Description
I've written some simple functions that create tables using iconv.jl, and then do the conversions in pure Julia code instead of calling iconv, as well as comparing the performance of
- converting from an 8-bit character set to UTF-8 via iconv.jl
- " " " " to UTF-16 via iconv.jl
- " " " " to UTF-16 via https://github.com/nolta/ICU.jl
- " " " " to UTF-8 via my convert code
- " " " " to UTF-16 via my convert code
I've made a Gist with benchmark results (using https://github.com/johnmyleswhite/Benchmarks.jl)
along with the code and benchmarking code, at:
https://gist.github.com/ScottPJones/fcd12f675edb3d79b5ce.

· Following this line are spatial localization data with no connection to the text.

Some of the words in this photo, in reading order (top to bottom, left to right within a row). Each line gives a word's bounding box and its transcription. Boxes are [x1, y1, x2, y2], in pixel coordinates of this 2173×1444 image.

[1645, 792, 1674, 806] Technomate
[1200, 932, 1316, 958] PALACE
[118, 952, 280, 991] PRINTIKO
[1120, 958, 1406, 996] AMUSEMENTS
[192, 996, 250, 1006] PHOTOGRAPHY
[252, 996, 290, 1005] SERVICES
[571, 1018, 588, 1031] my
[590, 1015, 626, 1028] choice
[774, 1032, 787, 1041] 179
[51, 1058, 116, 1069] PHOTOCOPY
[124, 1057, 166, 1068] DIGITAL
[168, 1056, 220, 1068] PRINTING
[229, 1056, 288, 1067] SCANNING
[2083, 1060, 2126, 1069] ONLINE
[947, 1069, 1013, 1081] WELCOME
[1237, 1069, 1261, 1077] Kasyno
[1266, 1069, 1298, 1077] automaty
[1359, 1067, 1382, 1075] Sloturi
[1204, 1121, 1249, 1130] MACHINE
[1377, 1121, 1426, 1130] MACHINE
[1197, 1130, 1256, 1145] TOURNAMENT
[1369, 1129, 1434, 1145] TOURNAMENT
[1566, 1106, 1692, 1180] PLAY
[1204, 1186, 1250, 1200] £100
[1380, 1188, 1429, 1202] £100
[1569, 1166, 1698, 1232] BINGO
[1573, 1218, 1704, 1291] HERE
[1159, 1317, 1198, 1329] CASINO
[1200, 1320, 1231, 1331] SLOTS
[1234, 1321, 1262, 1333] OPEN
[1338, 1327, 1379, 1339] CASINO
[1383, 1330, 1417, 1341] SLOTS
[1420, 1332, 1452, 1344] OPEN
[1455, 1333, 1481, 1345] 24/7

The tables created are also very small, at most couple hundred bytes (or less) per character set
(maximum, if the character set is ASCII compatible, is 256 bytes, if it an ANSI character set, max is 192 bytes, and only 64 bytes for CP1252 - which woud probably be the most used conversion).
Should we move towards using this approach at least for the 8-bit character set conversions?
It would also make it easy to add all of the options that Python 3 has, for handling invalid characters
(error, remove, replace with fixed replacement character (default 0xfffd) or string, insert quoted XML escape sequence, insert quoted as \uxxxx
or \u{xxxx}
.